"Team Alivia" strives to preserve memory of St Jude patient

By Chad Weber

July 21, 2013 Updated Jul 22, 2013 at 11:08 AM CDT

BLOOMINGTON, Ill. -- Complete strangers becoming best friends is something you often hear from those involved with St. Jude.

Sunday, a group of those now tightly knit friends gathered to preserve the memory of the little girl that brought them all together.

"Basically told us at that point that she was going to die," said Amanda Gibson, mother of Alivia.

Alivia Gibson was almost three years old and given only weeks to live.

She was diagnosed with a rare brain tumor called DIPG.

After visiting the St. Jude Children's Research Hospital in Peoria, she was referred to Memphis for radiation treatment.

"The tumor shrunk by 40%," said Gibson. "We got 10 wonderful months with her and very very thankful so now its our turn to give back."

Alivia passed away 8 months ago, but her memory lives on today, thanks to "Team Alivia" a St. Jude run team started by a complete stranger at the time.

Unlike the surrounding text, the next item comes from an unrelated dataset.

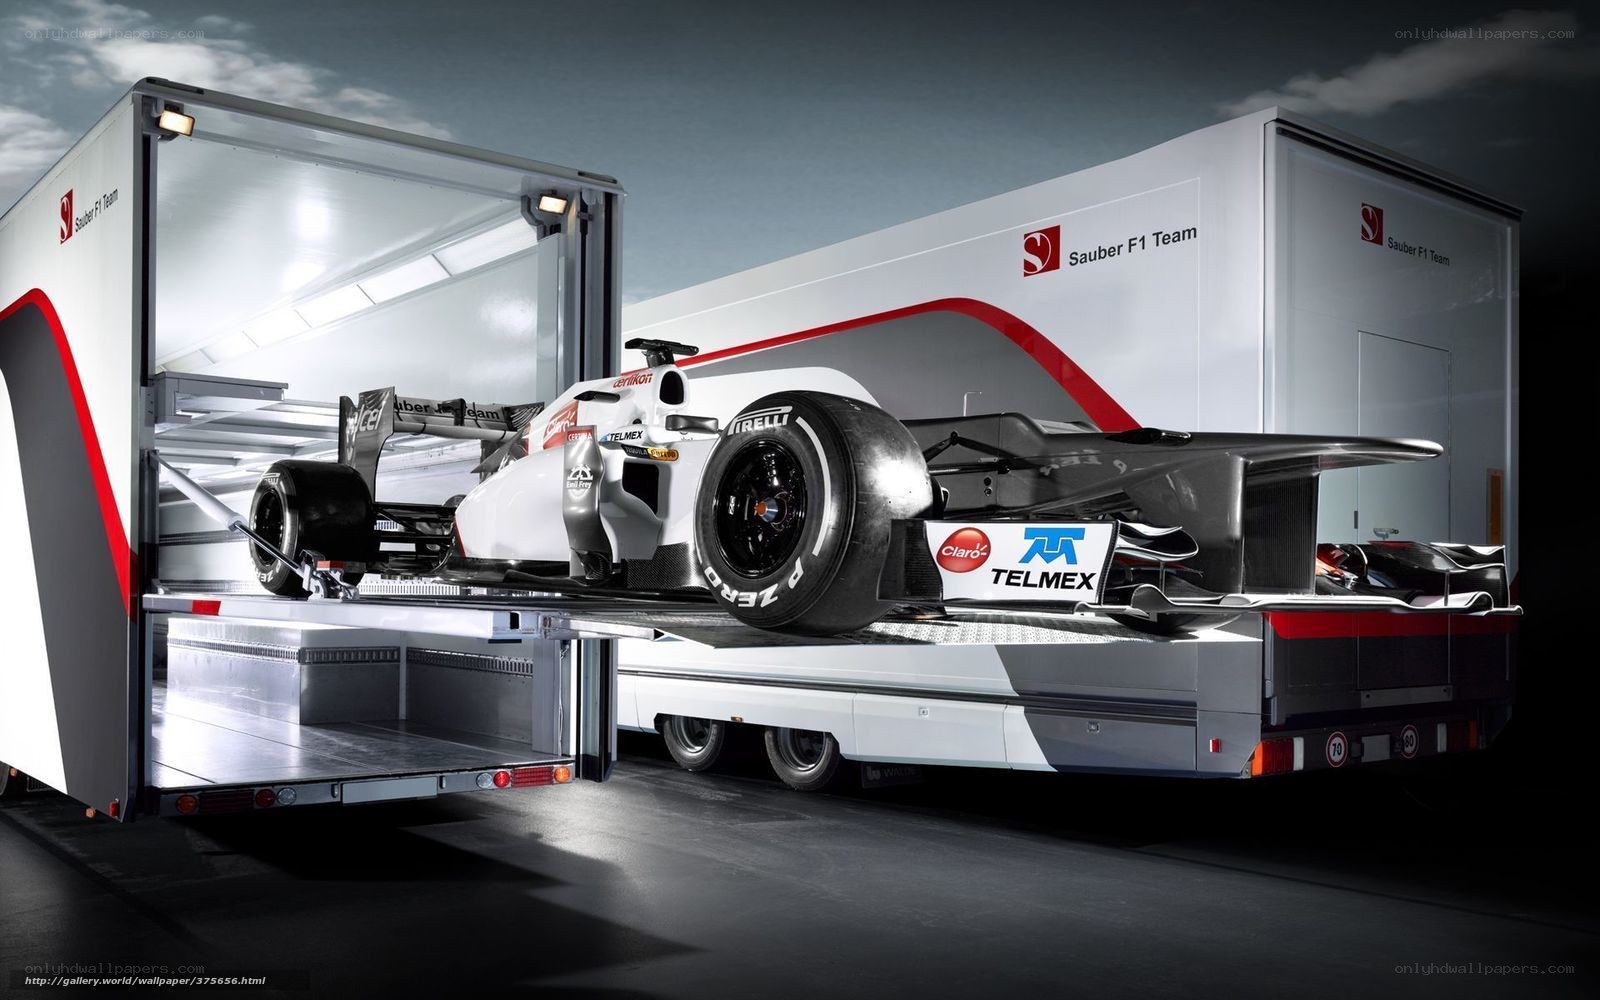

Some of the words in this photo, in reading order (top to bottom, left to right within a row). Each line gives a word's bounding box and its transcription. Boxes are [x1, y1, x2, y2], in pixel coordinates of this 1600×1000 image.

"I was following Alivia's story on Facebook," said Ashely Andryzak, founder of 'Team Alivia', "and I contacted her mother Amanda and we became pretty much instantly best friends and we followed her story to the end."

Ashley Andryzak lost her Mother to cancer in 2011 and vowed with her sisters to do some type of cancer research fundraising every year.

"We're all in it together," said Andryzak."We're all in it for one thing."

Ashely and her team must raise $12,000 dollars.

That's why everyone gathered at Zoup! in Bloomington Sunday to help reach that goal.

"I've never felt so loved by complete strangers," said Gibson.

One of those strangers is a family friend to Andryzak, Zoup! owner Todd Ashley.

He's donating 100% of the days profits toward "Team Alivia."

"It's a loss for the day as far as dollars go," said Ashley, "but it is not a loss to us to be able to give back by any means. To us, that's a gain."

This is the second year Team Alivia will run for St. Jude, but this year the little girl that brought them all together won't be waiting at the finish line.

"This year will be quite difficult without her at the end," said Andryzak.

For all those involved in St. Jude the goal remains the same.

"Someday hear those words," said Gibson. "There is a cure. That's what this does for me."